EWING, Judge, delivered the opinion of the court.

This is an action for damages for an injury received by the plaintiff while a passenger on one of defendant's cars. The evidence tended to prove that when injured the plaintiff was sitting in the rear car of the train, at or near an open window, and that the injury to his arm was caused by the car coming in contact with a wagon loaded with a skiff among other things. As to the position of his arm at the time, whether inside or protruded out of the window, the evidence was somewhat conflicting.

There was a verdict and judgment for the plaintiff, and a motion for a new trial being overruled, the cause is brought to this court by appeal.

The court gave the following instructions to the jury at the instance of the plaintiff.

1. If the jury find that plaintiff was injured as charged in the petition, while being transported as a passenger in defendant's car from the city of St.

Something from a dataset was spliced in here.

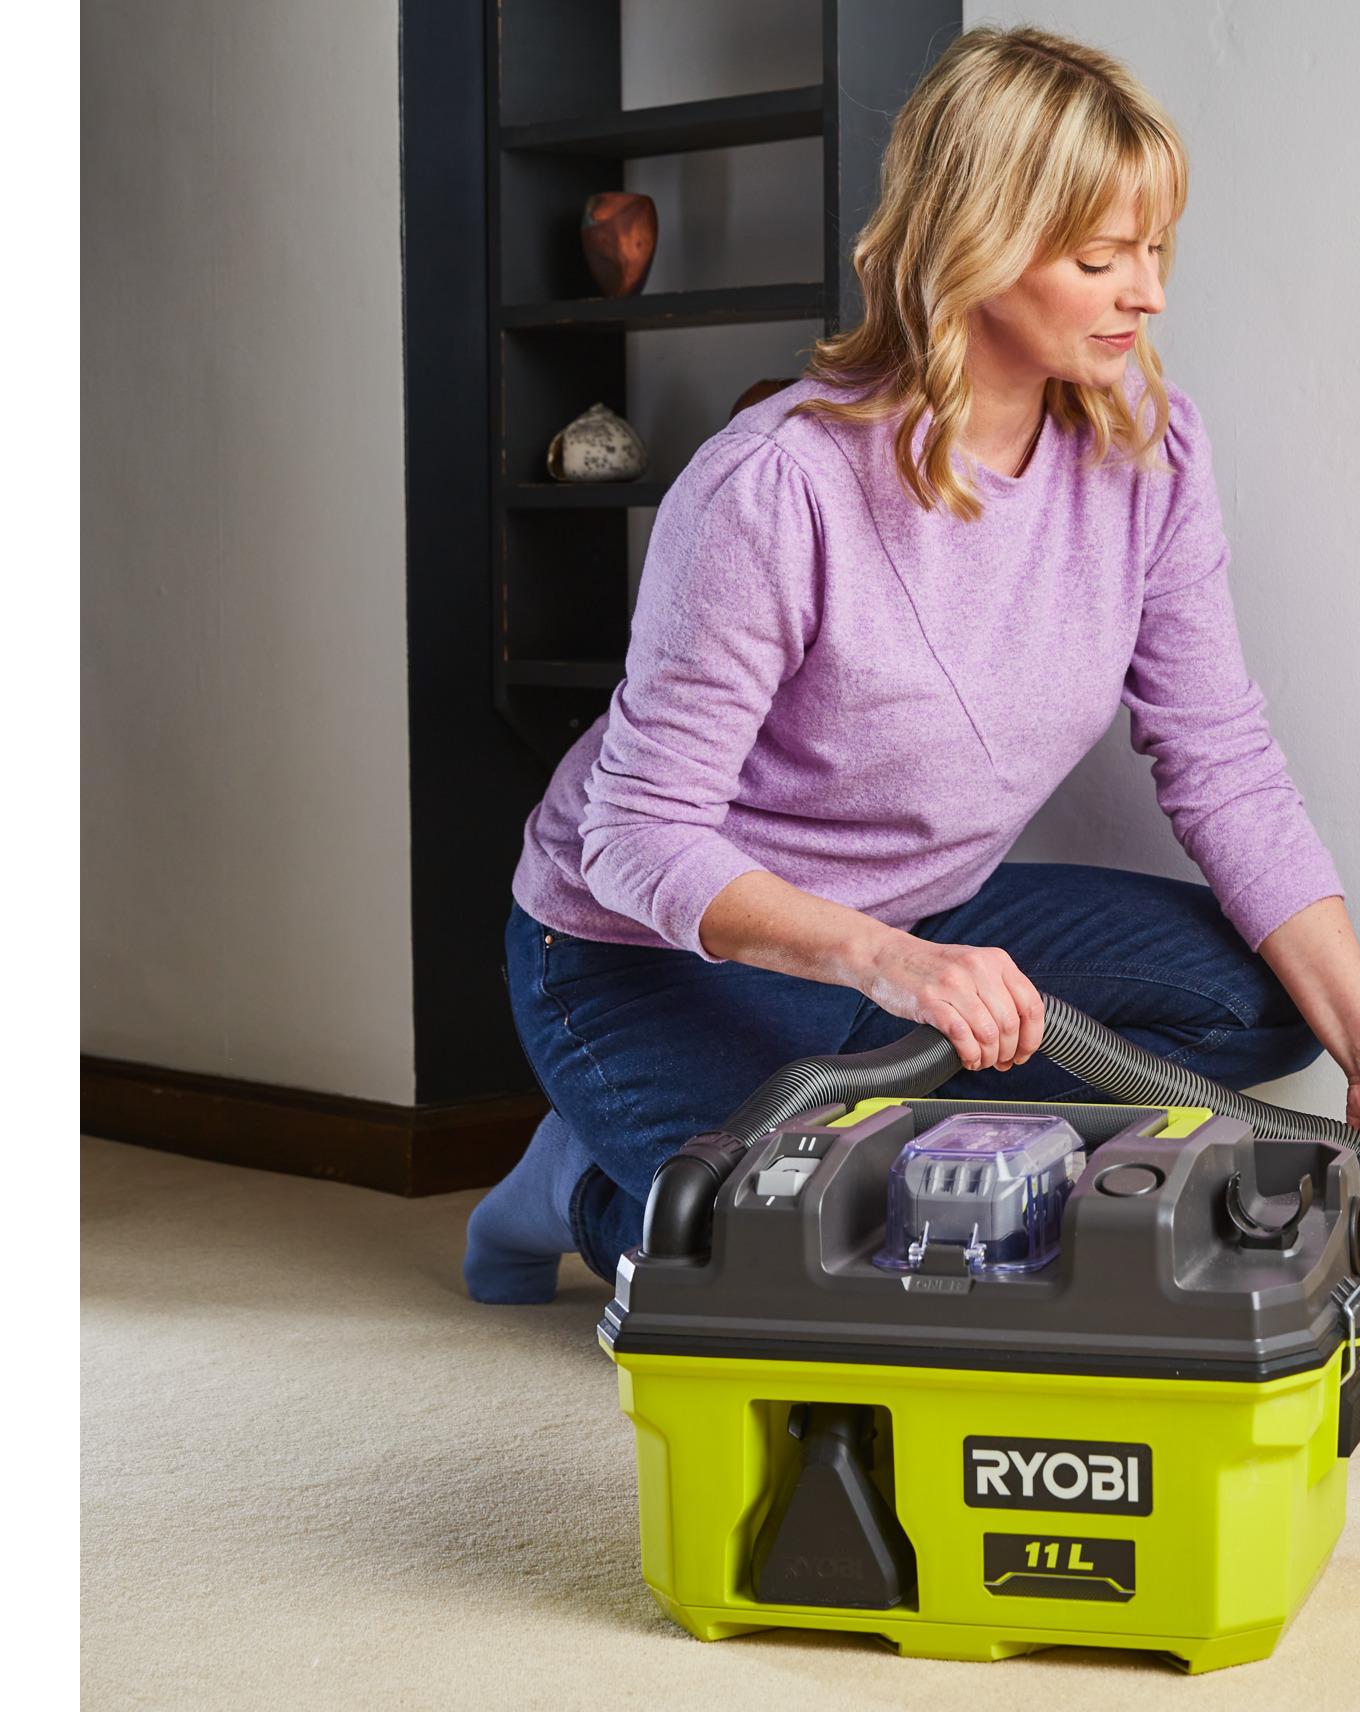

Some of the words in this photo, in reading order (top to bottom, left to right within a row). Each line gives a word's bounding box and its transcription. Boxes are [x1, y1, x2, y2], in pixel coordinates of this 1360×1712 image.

Louis to the town of Carondelet, and that it was caused by the carelessness of defendant's agents and servants in running, conducting and managing said car or the train to which it was attached, without any fault, misconduct, or negligence on the part of plaintiff immediately contributing thereto then they must find for the plaintiff.

2. Although plaintiff may have failed to exercise ordinary care and prudence, while a passenger on defendant's car, which may have contributed remotely to the injury complained of, yet if the employees of defendant were guilty of negligence, which was the direct and immediate cause of the injury, and might have prevented it by the exercise of prudence and care, the defendant is liable.

The court refused to give the following instructions asked by defendant.

1. That although the jury may find from the evidence, that the plaintiff while riding as a passenger in defendant's car was injured, by having his arm broken, yet if they further believe from the evidence, that at the time such injury happened the plaintiff's said arm was by the inadvertence of the plaintiff protruded through and out of the window of the said car, and that but for his said arm being thus out of said window, the plaintiff could not and would not have received the injury complained of, the verdict should be for the defendant.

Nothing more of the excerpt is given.